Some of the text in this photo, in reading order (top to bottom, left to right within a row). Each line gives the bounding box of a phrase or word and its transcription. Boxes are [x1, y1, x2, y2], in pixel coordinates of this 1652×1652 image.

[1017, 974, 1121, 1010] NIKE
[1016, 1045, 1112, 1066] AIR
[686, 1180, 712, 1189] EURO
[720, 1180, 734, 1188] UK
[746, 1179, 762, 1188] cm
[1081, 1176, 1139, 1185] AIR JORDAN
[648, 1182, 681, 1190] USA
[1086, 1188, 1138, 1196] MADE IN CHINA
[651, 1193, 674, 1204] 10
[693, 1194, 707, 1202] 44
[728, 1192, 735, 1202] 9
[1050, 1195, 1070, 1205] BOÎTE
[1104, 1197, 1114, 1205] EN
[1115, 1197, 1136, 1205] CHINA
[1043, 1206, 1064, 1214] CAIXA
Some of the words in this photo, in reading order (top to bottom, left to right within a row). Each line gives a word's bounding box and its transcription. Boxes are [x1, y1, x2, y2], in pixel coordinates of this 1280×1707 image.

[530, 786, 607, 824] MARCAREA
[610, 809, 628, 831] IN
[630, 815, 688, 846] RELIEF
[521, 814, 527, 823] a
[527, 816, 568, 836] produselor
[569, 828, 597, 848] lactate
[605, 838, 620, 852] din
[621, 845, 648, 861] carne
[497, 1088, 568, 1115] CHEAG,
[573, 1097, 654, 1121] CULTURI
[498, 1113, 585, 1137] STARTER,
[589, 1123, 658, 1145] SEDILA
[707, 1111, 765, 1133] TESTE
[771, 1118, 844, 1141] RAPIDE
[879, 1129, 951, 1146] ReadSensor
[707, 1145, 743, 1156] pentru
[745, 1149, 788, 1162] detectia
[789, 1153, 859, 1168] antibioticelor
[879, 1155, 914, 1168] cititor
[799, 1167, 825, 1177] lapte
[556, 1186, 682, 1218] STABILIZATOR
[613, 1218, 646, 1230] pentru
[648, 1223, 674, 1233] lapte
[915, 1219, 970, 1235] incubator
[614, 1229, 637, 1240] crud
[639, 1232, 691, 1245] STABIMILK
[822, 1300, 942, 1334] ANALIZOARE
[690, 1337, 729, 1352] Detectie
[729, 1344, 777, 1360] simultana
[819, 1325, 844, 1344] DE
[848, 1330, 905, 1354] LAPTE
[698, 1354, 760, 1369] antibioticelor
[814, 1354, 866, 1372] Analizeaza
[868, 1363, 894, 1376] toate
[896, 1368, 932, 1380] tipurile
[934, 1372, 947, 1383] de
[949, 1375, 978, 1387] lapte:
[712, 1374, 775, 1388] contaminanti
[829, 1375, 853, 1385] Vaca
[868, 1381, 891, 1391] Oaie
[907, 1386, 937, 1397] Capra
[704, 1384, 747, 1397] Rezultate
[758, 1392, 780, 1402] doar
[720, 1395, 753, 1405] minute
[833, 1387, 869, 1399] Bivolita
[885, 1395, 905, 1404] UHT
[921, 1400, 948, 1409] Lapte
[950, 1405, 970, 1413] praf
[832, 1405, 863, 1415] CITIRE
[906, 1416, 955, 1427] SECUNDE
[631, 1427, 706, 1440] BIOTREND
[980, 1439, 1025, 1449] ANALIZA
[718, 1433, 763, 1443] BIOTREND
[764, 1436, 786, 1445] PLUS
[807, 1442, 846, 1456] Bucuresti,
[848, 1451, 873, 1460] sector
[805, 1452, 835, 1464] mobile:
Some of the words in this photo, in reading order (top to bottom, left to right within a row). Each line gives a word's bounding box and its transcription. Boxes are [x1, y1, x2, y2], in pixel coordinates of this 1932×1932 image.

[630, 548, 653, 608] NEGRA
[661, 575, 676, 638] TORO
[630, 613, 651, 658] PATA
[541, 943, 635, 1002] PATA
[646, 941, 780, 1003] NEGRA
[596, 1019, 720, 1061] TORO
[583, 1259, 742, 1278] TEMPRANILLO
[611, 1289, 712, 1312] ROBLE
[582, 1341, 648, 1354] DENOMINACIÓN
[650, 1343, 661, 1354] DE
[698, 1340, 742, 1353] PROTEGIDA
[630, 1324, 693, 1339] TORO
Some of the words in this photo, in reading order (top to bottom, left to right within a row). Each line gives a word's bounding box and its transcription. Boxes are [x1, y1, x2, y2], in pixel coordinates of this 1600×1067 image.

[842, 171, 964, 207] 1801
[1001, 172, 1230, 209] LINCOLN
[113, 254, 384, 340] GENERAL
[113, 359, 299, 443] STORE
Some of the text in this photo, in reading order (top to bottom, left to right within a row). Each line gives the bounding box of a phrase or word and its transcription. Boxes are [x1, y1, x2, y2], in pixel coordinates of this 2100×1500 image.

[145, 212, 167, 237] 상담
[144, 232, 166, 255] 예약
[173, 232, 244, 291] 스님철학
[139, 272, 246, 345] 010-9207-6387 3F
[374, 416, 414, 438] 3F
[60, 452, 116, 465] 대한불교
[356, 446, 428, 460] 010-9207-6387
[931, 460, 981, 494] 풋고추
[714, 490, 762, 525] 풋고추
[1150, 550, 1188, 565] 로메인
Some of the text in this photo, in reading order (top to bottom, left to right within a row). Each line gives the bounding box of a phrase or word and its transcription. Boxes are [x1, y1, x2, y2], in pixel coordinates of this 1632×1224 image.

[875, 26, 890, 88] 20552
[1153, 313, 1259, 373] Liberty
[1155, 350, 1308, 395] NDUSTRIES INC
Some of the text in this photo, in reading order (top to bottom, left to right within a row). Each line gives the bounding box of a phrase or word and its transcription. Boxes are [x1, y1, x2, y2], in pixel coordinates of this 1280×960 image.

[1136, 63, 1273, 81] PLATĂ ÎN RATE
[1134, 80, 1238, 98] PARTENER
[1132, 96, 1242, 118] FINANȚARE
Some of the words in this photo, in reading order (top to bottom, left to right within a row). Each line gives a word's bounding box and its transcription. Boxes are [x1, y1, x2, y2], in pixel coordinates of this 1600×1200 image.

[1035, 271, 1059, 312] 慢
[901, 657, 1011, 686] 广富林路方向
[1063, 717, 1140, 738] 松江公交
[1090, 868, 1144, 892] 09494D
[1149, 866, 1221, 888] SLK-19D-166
============================================================
▸ Assignment:
Prepare a faithful transcription of the material above, with nothing altered.

▸ Exercise answer:
Some of the text in this photo, in reading order (top to bottom, left to right within a row). Each line gives the bounding box of a phrase or word and its transcription. Boxes are [x1, y1, x2, y2], in pixel coordinates of this 1652×1652 image.

[1017, 974, 1121, 1010] NIKE
[1016, 1045, 1112, 1066] AIR
[686, 1180, 712, 1189] EURO
[720, 1180, 734, 1188] UK
[746, 1179, 762, 1188] cm
[1081, 1176, 1139, 1185] AIR JORDAN
[648, 1182, 681, 1190] USA
[1086, 1188, 1138, 1196] MADE IN CHINA
[651, 1193, 674, 1204] 10
[693, 1194, 707, 1202] 44
[728, 1192, 735, 1202] 9
[1050, 1195, 1070, 1205] BOÎTE
[1104, 1197, 1114, 1205] EN
[1115, 1197, 1136, 1205] CHINA
[1043, 1206, 1064, 1214] CAIXA
Some of the words in this photo, in reading order (top to bottom, left to right within a row). Each line gives a word's bounding box and its transcription. Boxes are [x1, y1, x2, y2], in pixel coordinates of this 1280×1707 image.

[530, 786, 607, 824] MARCAREA
[610, 809, 628, 831] IN
[630, 815, 688, 846] RELIEF
[521, 814, 527, 823] a
[527, 816, 568, 836] produselor
[569, 828, 597, 848] lactate
[605, 838, 620, 852] din
[621, 845, 648, 861] carne
[497, 1088, 568, 1115] CHEAG,
[573, 1097, 654, 1121] CULTURI
[498, 1113, 585, 1137] STARTER,
[589, 1123, 658, 1145] SEDILA
[707, 1111, 765, 1133] TESTE
[771, 1118, 844, 1141] RAPIDE
[879, 1129, 951, 1146] ReadSensor
[707, 1145, 743, 1156] pentru
[745, 1149, 788, 1162] detectia
[789, 1153, 859, 1168] antibioticelor
[879, 1155, 914, 1168] cititor
[799, 1167, 825, 1177] lapte
[556, 1186, 682, 1218] STABILIZATOR
[613, 1218, 646, 1230] pentru
[648, 1223, 674, 1233] lapte
[915, 1219, 970, 1235] incubator
[614, 1229, 637, 1240] crud
[639, 1232, 691, 1245] STABIMILK
[822, 1300, 942, 1334] ANALIZOARE
[690, 1337, 729, 1352] Detectie
[729, 1344, 777, 1360] simultana
[819, 1325, 844, 1344] DE
[848, 1330, 905, 1354] LAPTE
[698, 1354, 760, 1369] antibioticelor
[814, 1354, 866, 1372] Analizeaza
[868, 1363, 894, 1376] toate
[896, 1368, 932, 1380] tipurile
[934, 1372, 947, 1383] de
[949, 1375, 978, 1387] lapte:
[712, 1374, 775, 1388] contaminanti
[829, 1375, 853, 1385] Vaca
[868, 1381, 891, 1391] Oaie
[907, 1386, 937, 1397] Capra
[704, 1384, 747, 1397] Rezultate
[758, 1392, 780, 1402] doar
[720, 1395, 753, 1405] minute
[833, 1387, 869, 1399] Bivolita
[885, 1395, 905, 1404] UHT
[921, 1400, 948, 1409] Lapte
[950, 1405, 970, 1413] praf
[832, 1405, 863, 1415] CITIRE
[906, 1416, 955, 1427] SECUNDE
[631, 1427, 706, 1440] BIOTREND
[980, 1439, 1025, 1449] ANALIZA
[718, 1433, 763, 1443] BIOTREND
[764, 1436, 786, 1445] PLUS
[807, 1442, 846, 1456] Bucuresti,
[848, 1451, 873, 1460] sector
[805, 1452, 835, 1464] mobile:
Some of the words in this photo, in reading order (top to bottom, left to right within a row). Each line gives a word's bounding box and its transcription. Boxes are [x1, y1, x2, y2], in pixel coordinates of this 1932×1932 image.

[630, 548, 653, 608] NEGRA
[661, 575, 676, 638] TORO
[630, 613, 651, 658] PATA
[541, 943, 635, 1002] PATA
[646, 941, 780, 1003] NEGRA
[596, 1019, 720, 1061] TORO
[583, 1259, 742, 1278] TEMPRANILLO
[611, 1289, 712, 1312] ROBLE
[582, 1341, 648, 1354] DENOMINACIÓN
[650, 1343, 661, 1354] DE
[698, 1340, 742, 1353] PROTEGIDA
[630, 1324, 693, 1339] TORO
Some of the words in this photo, in reading order (top to bottom, left to right within a row). Each line gives a word's bounding box and its transcription. Boxes are [x1, y1, x2, y2], in pixel coordinates of this 1600×1067 image.

[842, 171, 964, 207] 1801
[1001, 172, 1230, 209] LINCOLN
[113, 254, 384, 340] GENERAL
[113, 359, 299, 443] STORE
Some of the text in this photo, in reading order (top to bottom, left to right within a row). Each line gives the bounding box of a phrase or word and its transcription. Boxes are [x1, y1, x2, y2], in pixel coordinates of this 2100×1500 image.

[145, 212, 167, 237] 상담
[144, 232, 166, 255] 예약
[173, 232, 244, 291] 스님철학
[139, 272, 246, 345] 010-9207-6387 3F
[374, 416, 414, 438] 3F
[60, 452, 116, 465] 대한불교
[356, 446, 428, 460] 010-9207-6387
[931, 460, 981, 494] 풋고추
[714, 490, 762, 525] 풋고추
[1150, 550, 1188, 565] 로메인
Some of the text in this photo, in reading order (top to bottom, left to right within a row). Each line gives the bounding box of a phrase or word and its transcription. Boxes are [x1, y1, x2, y2], in pixel coordinates of this 1632×1224 image.

[875, 26, 890, 88] 20552
[1153, 313, 1259, 373] Liberty
[1155, 350, 1308, 395] NDUSTRIES INC
Some of the text in this photo, in reading order (top to bottom, left to right within a row). Each line gives the bounding box of a phrase or word and its transcription. Boxes are [x1, y1, x2, y2], in pixel coordinates of this 1280×960 image.

[1136, 63, 1273, 81] PLATĂ ÎN RATE
[1134, 80, 1238, 98] PARTENER
[1132, 96, 1242, 118] FINANȚARE
Some of the words in this photo, in reading order (top to bottom, left to right within a row). Each line gives a word's bounding box and its transcription. Boxes are [x1, y1, x2, y2], in pixel coordinates of this 1600×1200 image.

[1035, 271, 1059, 312] 慢
[901, 657, 1011, 686] 广富林路方向
[1063, 717, 1140, 738] 松江公交
[1090, 868, 1144, 892] 09494D
[1149, 866, 1221, 888] SLK-19D-166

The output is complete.